Dalcetrapibの血管機能に対する効果

dal-VESSEL：Phase IIbトライアルにおいて、研究段階の分子がコレステロールエステル転送蛋白活性を低下させHDLを増加させた

dal-VESSEL: An investigational molecule reduced cholesteryl ester transfer protein activity and increased HDL in Phase IIb trial

2011年European Society of Cardiology学会で発表されたphase IIb dal-VESSELスタディの結果、コレステロールエステル転送蛋白（CETP）として作用する研究段階の分子であるdalcetrapibは血管内皮機能（血流依存性血管拡張反応で示された）を障害したり血圧を上昇させたりしないことが示された。Dal-VESSELは、冠動脈疾患（CHD）または CHD相当のリスクを有し、HDL-Cレベルが50mg/dL未満の患者476人を対象とした試験的phase IIb無作為化二重盲検プラセボコントロールトライアルである。患者は既に行われている治療に加え600mg/dayのdalcetrapibまたはプラセボを投与された。一次有効性エンドポイントは12週後の橈骨動脈の血流依存性血管拡張反応のベースラインからの変化であった。一次安全性エンドポイントは第4週目に施行された24時間血圧測定の結果であった。患者は計36週間の薬物投与を受けた。その結果dalcetrapibは、一酸化窒素依存性血管内皮機能および炎症や酸化ストレスのマーカーを変化させることなくCETP活性をほぼ50%低下させ、高密度リポ蛋白コレステロール（HDL-C）レベルを31%上昇させた。

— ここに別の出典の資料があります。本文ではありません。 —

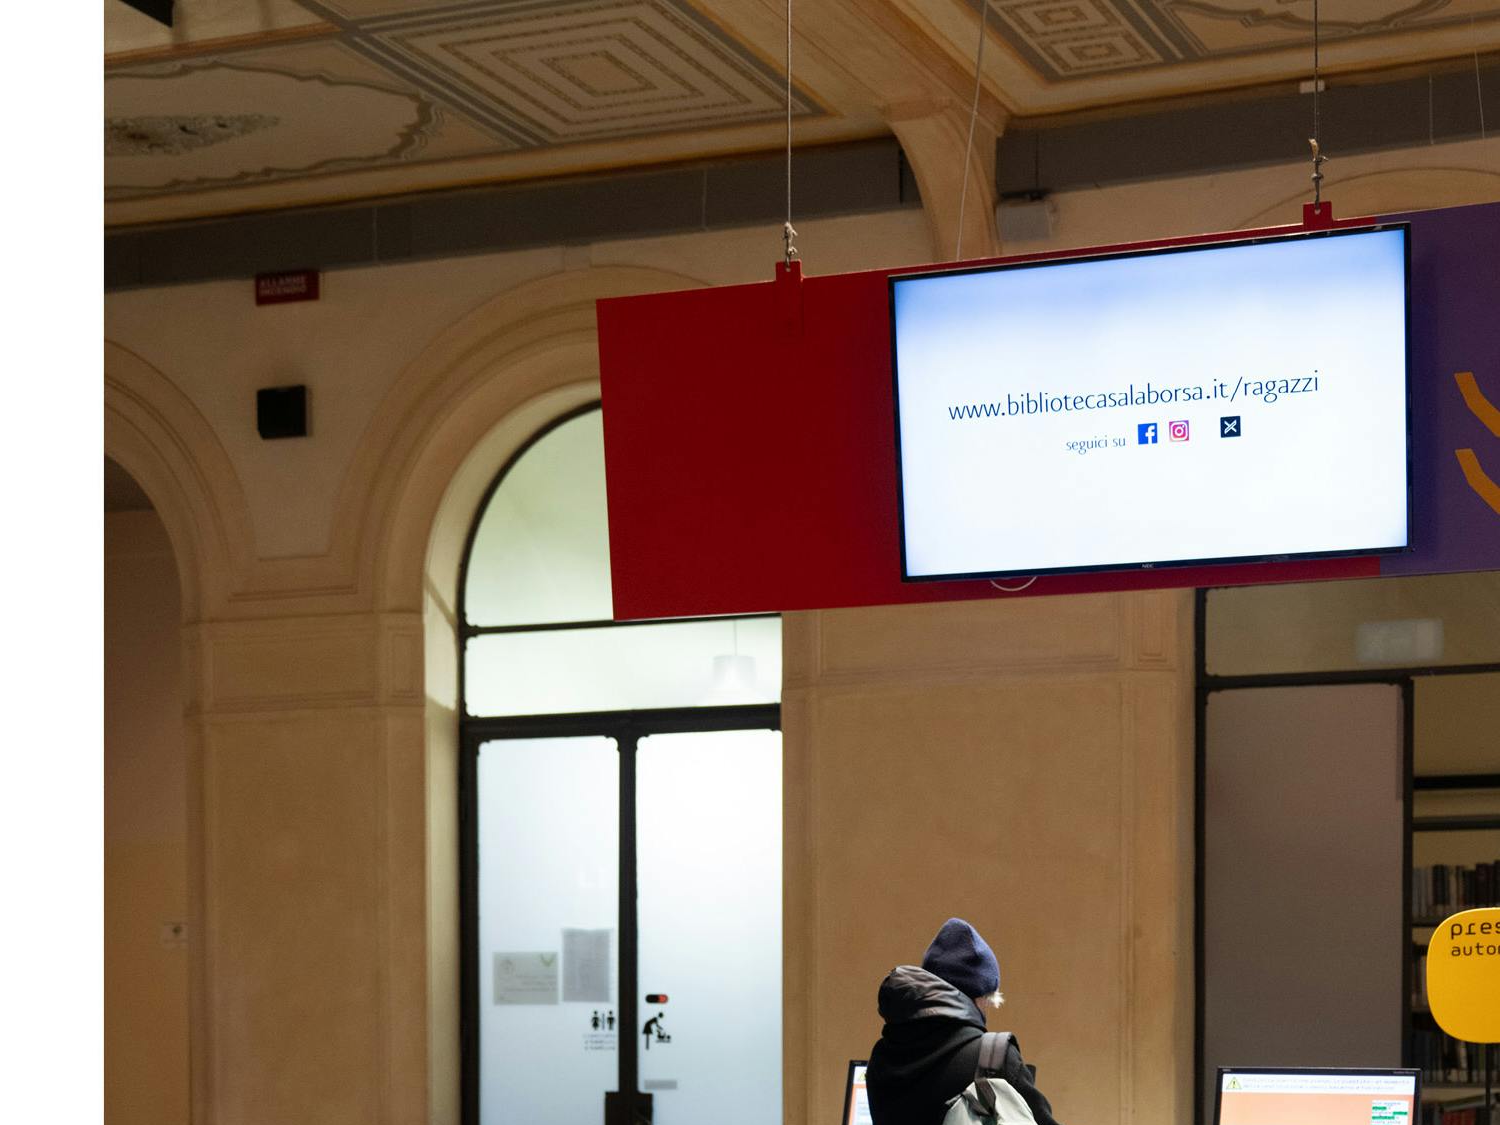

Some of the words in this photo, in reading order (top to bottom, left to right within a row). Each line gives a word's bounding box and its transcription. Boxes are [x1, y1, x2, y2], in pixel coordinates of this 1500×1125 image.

[948, 370, 1319, 420] www.bibliotecasalaborsa.it/ragazzi
[1066, 436, 1109, 455] seguici
[1112, 436, 1126, 448] su
[1451, 942, 1500, 957] auto
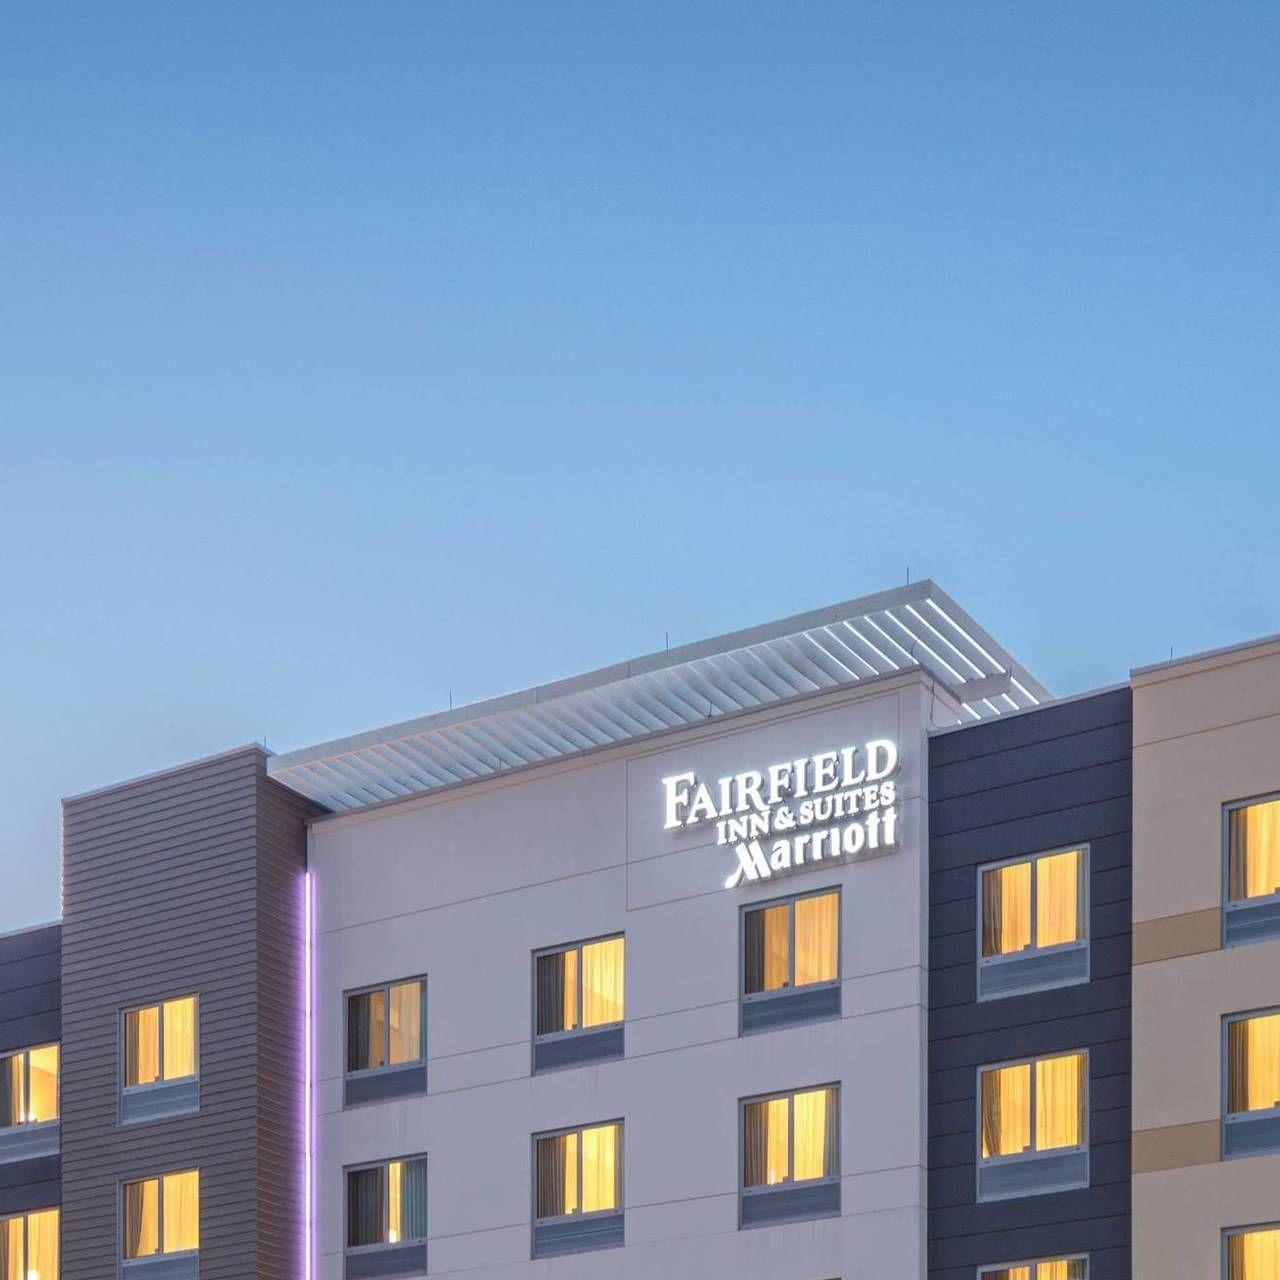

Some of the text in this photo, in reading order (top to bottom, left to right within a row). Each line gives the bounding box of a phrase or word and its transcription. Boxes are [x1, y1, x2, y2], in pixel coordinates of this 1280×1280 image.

[662, 739, 898, 829] FAIRFIELD
[716, 781, 896, 845] INN & SUITES
[724, 807, 897, 889] Marriott

スタディ全期間中において安全信号は認められず、予め明記されていた陽性と判断されたイベントは両群において均等な分布で発現した（dalcetrapib群で11件およびプラセボ群で12件）。

Results of the phase IIb dal-VESSEL study show that dalcetrapib, an investigational molecule which acts on cholesteryl ester transfer protein (CETP), did not impair endothelial function (as indicated by flow-mediated dilatation) or increase blood pressure, and was generally well tolerated in patients with or at risk of coronary heart disease. The study was presented at the European Society of Cardiology 2011 conference.

"The results provide important information regarding the safety of this novel molecule," said principal investigator Professor Thomas F. Luscher from the University Hospital, Zurich, Switzerland. He added that dal-VESSEL was the largest multicenter trial ever performed with brachial flow-mediated dilatation measured as a marker of endothelial function and cardiovascular risk.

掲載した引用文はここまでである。